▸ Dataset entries
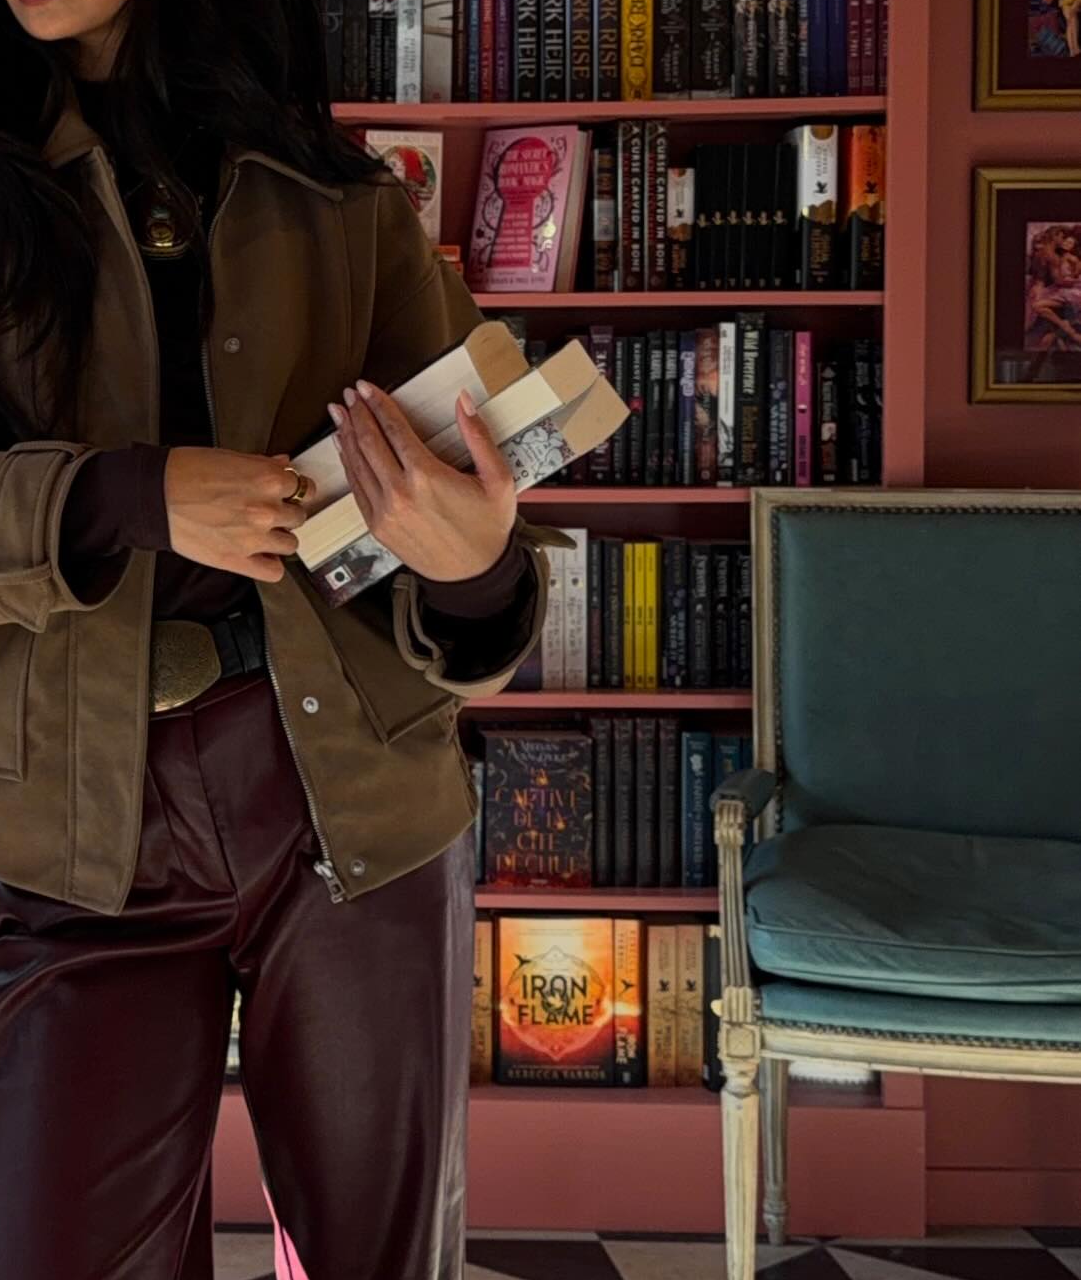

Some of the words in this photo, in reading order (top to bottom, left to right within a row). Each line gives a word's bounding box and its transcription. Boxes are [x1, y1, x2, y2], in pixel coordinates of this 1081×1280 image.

[518, 28, 536, 79] HEIR
[545, 29, 563, 80] HEIR
[572, 30, 590, 80] RISE
[599, 28, 617, 78] RISE
[630, 23, 645, 68] DARK
[631, 138, 641, 174] CURSE
[656, 138, 666, 174] CURSE
[631, 178, 641, 225] CARVED
[656, 178, 666, 225] CARVED
[631, 229, 641, 239] IN
[656, 229, 666, 239] IN
[631, 243, 641, 272] BONE
[656, 243, 666, 272] BONE
[742, 330, 760, 350] Wild
[522, 975, 587, 1000] IRON
[518, 1004, 594, 1026] FLAME

▸ WHAT YOU SHOULD DO
Exactly as written, return each line above and leave the pictures behind.

▸ ANSWER FOR THE TASK
Some of the words in this photo, in reading order (top to bottom, left to right within a row). Each line gives a word's bounding box and its transcription. Boxes are [x1, y1, x2, y2], in pixel coordinates of this 1081×1280 image.

[518, 28, 536, 79] HEIR
[545, 29, 563, 80] HEIR
[572, 30, 590, 80] RISE
[599, 28, 617, 78] RISE
[630, 23, 645, 68] DARK
[631, 138, 641, 174] CURSE
[656, 138, 666, 174] CURSE
[631, 178, 641, 225] CARVED
[656, 178, 666, 225] CARVED
[631, 229, 641, 239] IN
[656, 229, 666, 239] IN
[631, 243, 641, 272] BONE
[656, 243, 666, 272] BONE
[742, 330, 760, 350] Wild
[522, 975, 587, 1000] IRON
[518, 1004, 594, 1026] FLAME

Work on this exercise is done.